◆ **Your task**
Please repeat the records word for word and skip the pictures.
——————————
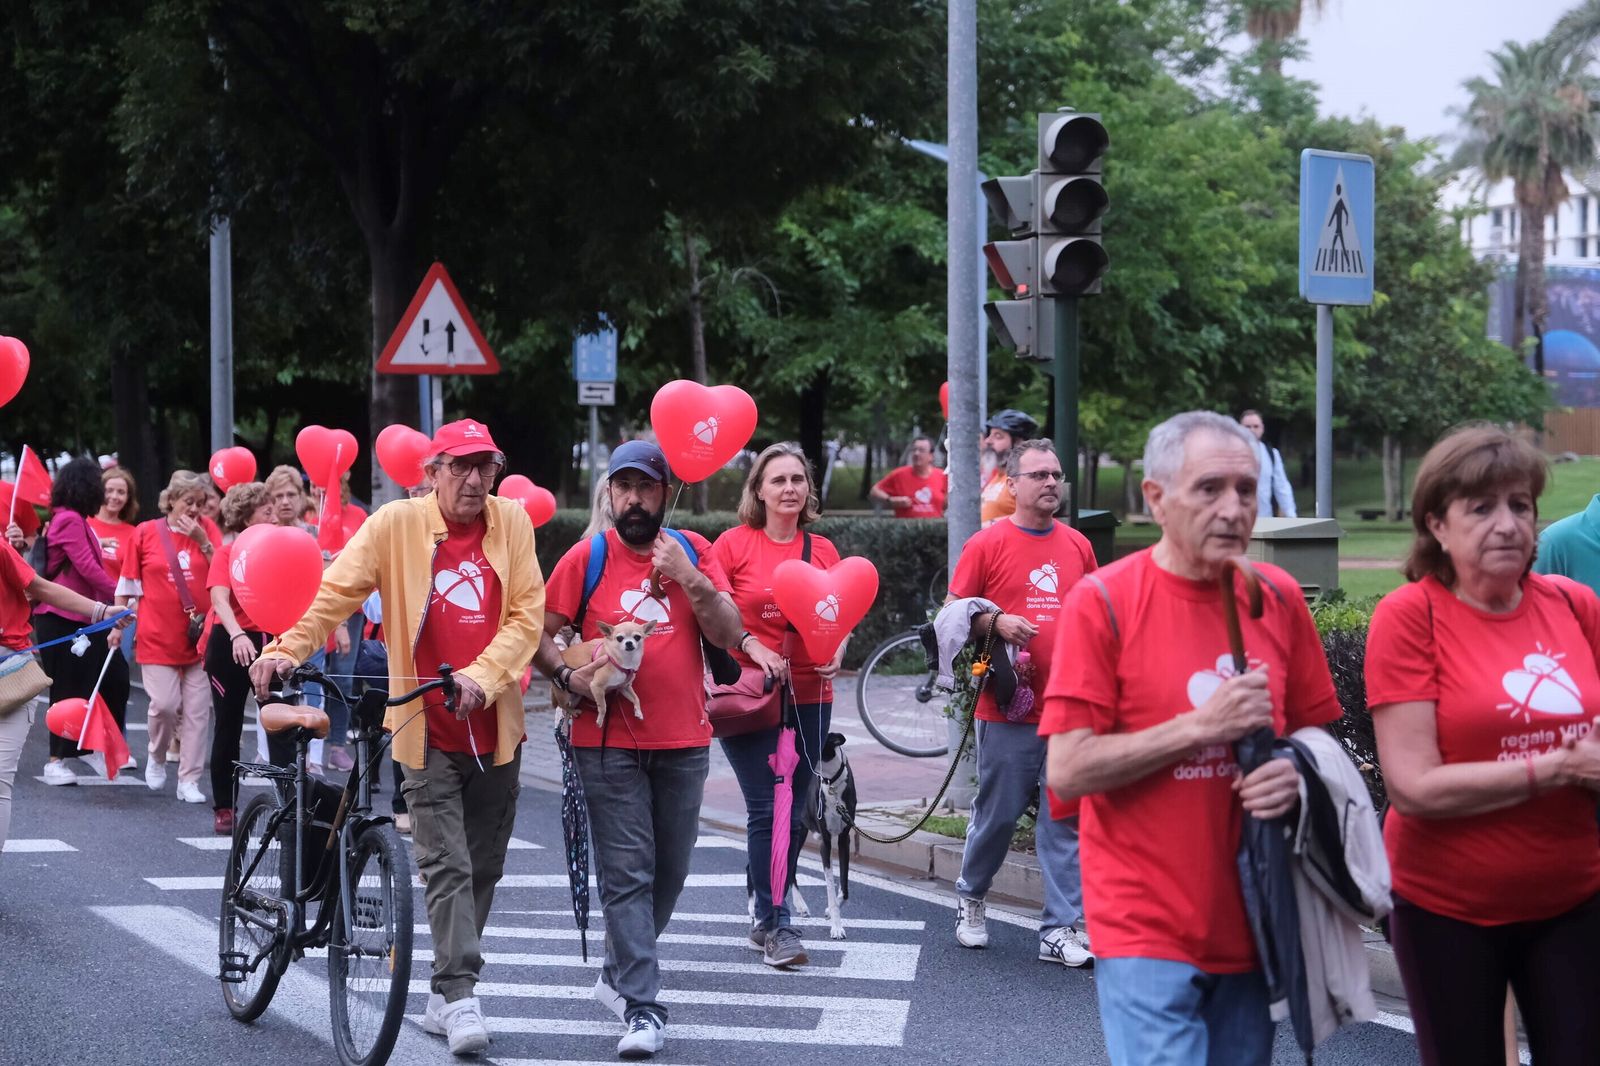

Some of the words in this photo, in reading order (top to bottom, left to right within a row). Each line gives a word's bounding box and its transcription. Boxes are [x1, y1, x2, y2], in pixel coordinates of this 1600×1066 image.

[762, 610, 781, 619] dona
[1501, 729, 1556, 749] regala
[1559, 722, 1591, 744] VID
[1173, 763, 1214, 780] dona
——————————
◆ **Solution to the problem**
Some of the words in this photo, in reading order (top to bottom, left to right within a row). Each line gives a word's bounding box and its transcription. Boxes are [x1, y1, x2, y2], in pixel coordinates of this 1600×1066 image.

[762, 610, 781, 619] dona
[1501, 729, 1556, 749] regala
[1559, 722, 1591, 744] VID
[1173, 763, 1214, 780] dona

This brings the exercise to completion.